The Memoir Project

A while back—quite a few years ago—a friendly acquaintance asked me if I knew someone who could help her write her memoir. I suggested that I become her ghostwriter and as we worked on the initial draft, we moved from friendly acquaintances to being friends. Over the next couple of years there were drafts, rewrites, experiments in non-linear storytelling, long pauses in the process, and many, many, many serious discussions about big serious issues.

We talked about naming names.

We talked about guilt, responsibility, and ownership of bad decisions.

We talked about the difference between coping with an abusive past and continuing to experience victimization.

We talked about the culpability of family members.

We talked about how powerful people abuse the unequal relationships that come with superior positions.

We talked about hypocrisy, excuses, lies, religious orthodoxy, sex abuse, violence, sexuality, money, education, and the important roles played by witnesses in the larger scheme of evil in the world.

Her life took several wonderful twists and turns while we were writing. The years rolled on. At different points along the way we discussed additional rewrites and releasing a final draft. Sometimes we talked about me helping her again and other times we focused on a solo draft that I would simply read. All the while, she was working on another, even more compelling project—her life. After a circuitous route that took her through hell and back a few times, she landed in a much better place. She was happy, confident, and comfortable with her recent choices. Then the #MeToo movement took off and I was not alone in reaching out to her.

Do you want to finish the book?

I wasn’t the only one to ask. One of the powerful men in her story was among the many men finally getting outed as a serial abuser in the press. Did she want to return to that time of pain? Could there be another way to write the story? Was it possible to recall it all without reliving it? She determined that it simply wasn’t possible to continue to be her happy & healthy, new incarnation if she had to delve into her past.

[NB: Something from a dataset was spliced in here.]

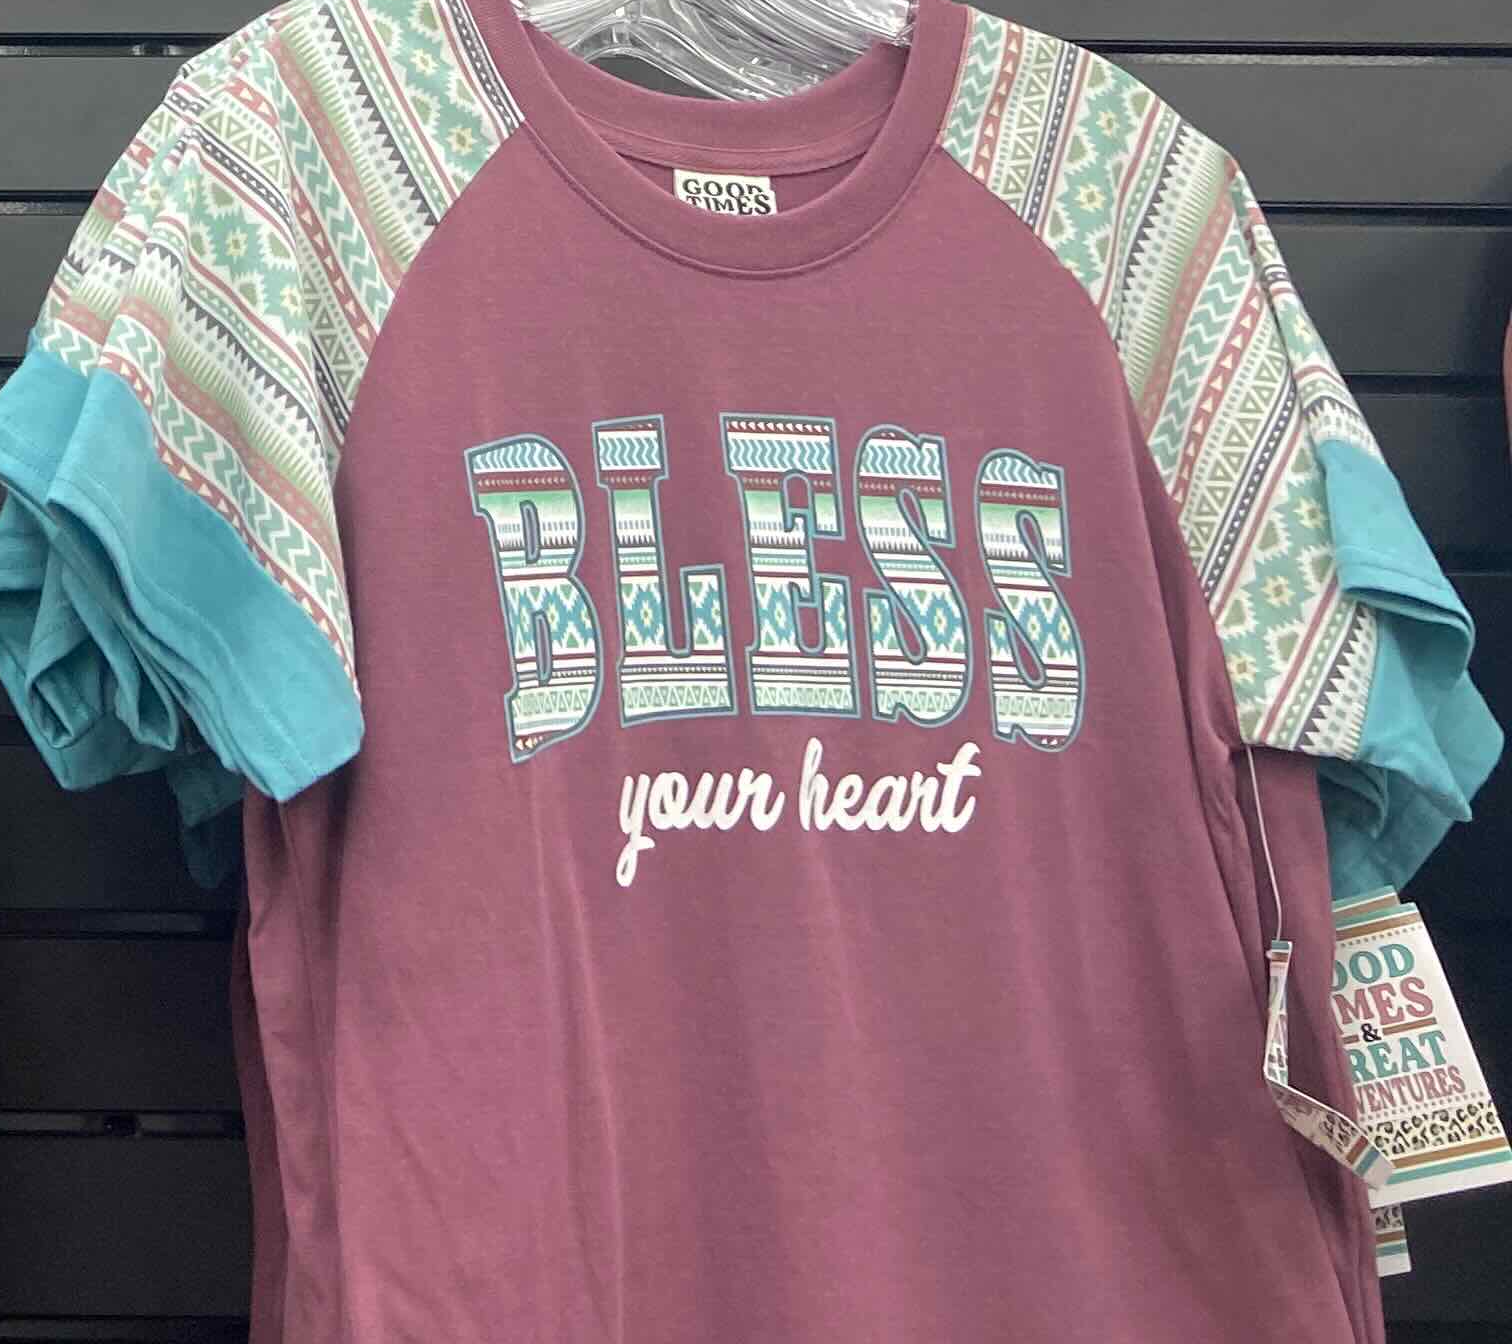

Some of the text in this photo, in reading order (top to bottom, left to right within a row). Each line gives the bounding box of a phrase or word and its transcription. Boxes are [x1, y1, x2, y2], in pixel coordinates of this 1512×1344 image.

I agree with her. The story—her story—was so sad, so frightening, so dramatic, and so filled with cruelty, that there was no way to tell it without upsetting her new life. Even saying that’ all’s well that ends well’ and writing it from a happy place was too big a risk. She told me and everyone else too, that the book would never become a reality. I want to thank her for the invaluable experience of chugging along for part of her journey, for the insights into a segment of the world that is thankfully far from my experience, and for becoming the new woman capable of letting the story go.

It takes time, but people eventually grow their metaphorical wings.

Comments

    • Candy Korman

      Yes, sometimes the process is the adventure and not the outcome. If I thought about this a few years ago, I’d have wanted the completed book, but I think the journey was the important part.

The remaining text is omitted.